Department of Interdisciplinary Engineering, DGIST, Daegu 42988, Korea.
Sensors (Basel). 2021 Jun 10;21(12):4018. doi: 10.3390/s21124018.
This paper proposes a high-efficiency super-resolution frequency-modulated continuous-wave (FMCW) radar algorithm based on estimation by fast Fourier transform (FFT). In FMCW radar systems, the maximum number of samples is generally determined by the maximum detectable distance. However, targets are often closer than the maximum detectable distance. In this case, even if the number of samples is reduced, the ranges of targets can be estimated without degrading the performance. Based on this property, the proposed algorithm adaptively selects the number of samples used as input to the super-resolution algorithm depends on the coarsely estimated ranges of targets using the FFT. The proposed algorithm employs the reduced samples by the estimated distance by FFT as input to the super resolution algorithm instead of the maximum number of samples set by the maximum detectable distance. By doing so, the proposed algorithm achieves the similar performance of the conventional multiple signal classification algorithm (MUSIC), which is a representative of the super resolution algorithms while the performance does not degrade. Simulation results demonstrate the feasibility and performance improvement provided by the proposed algorithm; that is, the proposed algorithm achieves average complexity reduction of 88% compared to the conventional MUSIC algorithm while achieving its similar performance. Moreover, the improvement provided by the proposed algorithm was verified in practical conditions, as evidenced by our experimental results.

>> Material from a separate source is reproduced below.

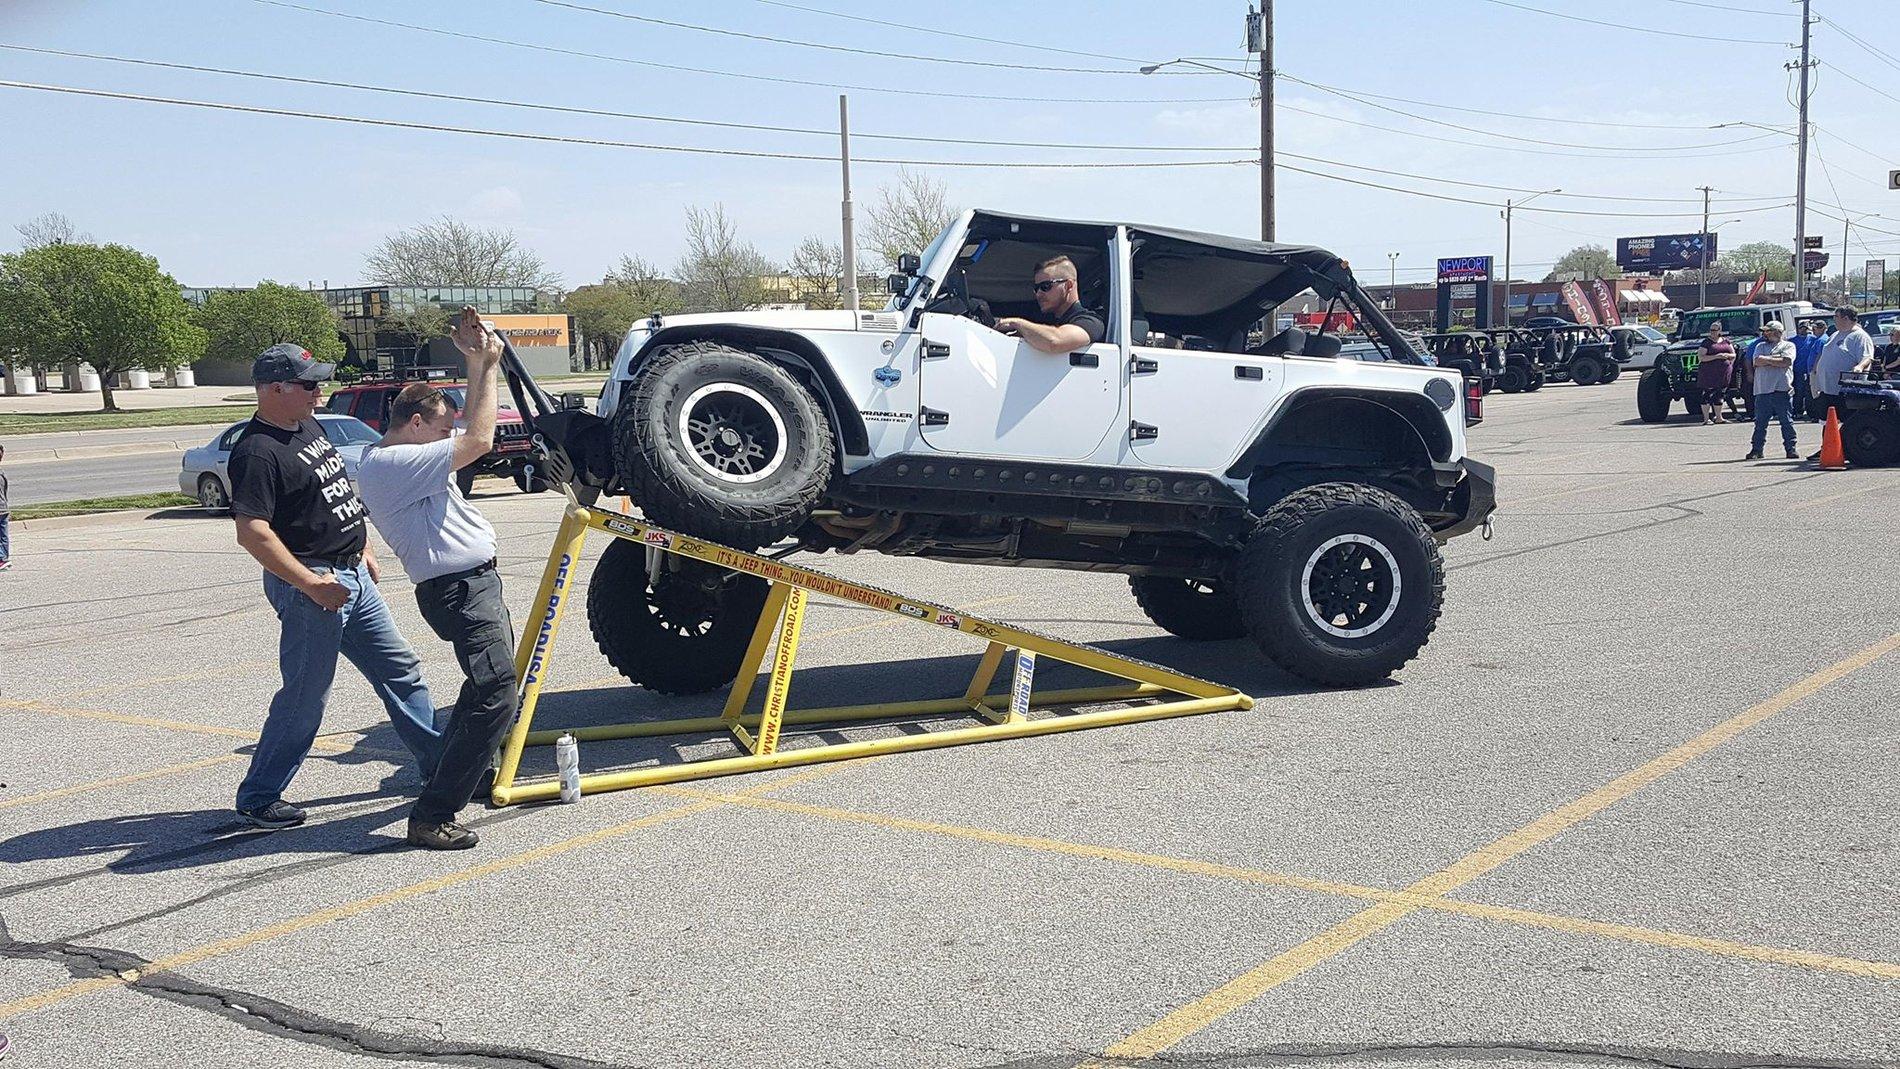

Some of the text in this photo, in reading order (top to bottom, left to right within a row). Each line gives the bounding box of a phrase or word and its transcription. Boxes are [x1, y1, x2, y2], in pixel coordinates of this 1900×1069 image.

本文提出了一种基于快速傅里叶变换(FFT)估计的高效超分辨率调频连续波(FMCW)雷达算法。在FMCW雷达系统中,样本的最大数量通常由最大可检测距离决定。然而,目标往往比最大可检测距离更近。在这种情况下,即使减少样本数量,也可以在不降低性能的情况下估计目标的距离。基于这一特性,所提出的算法根据使用FFT粗略估计的目标距离,自适应地选择用作超分辨率算法输入的样本数量。所提出的算法采用通过FFT估计距离得到的减少后的样本作为超分辨率算法的输入,而不是由最大可检测距离设置的最大样本数量。通过这样做,所提出的算法实现了与传统多重信号分类算法(MUSIC)相似的性能,MUSIC算法是超分辨率算法的代表,且性能不会下降。仿真结果证明了所提出算法的可行性和性能提升;也就是说,与传统MUSIC算法相比,所提出的算法平均复杂度降低了88%,同时实现了相似的性能。此外,我们的实验结果证明,所提出的算法在实际条件下也有性能提升。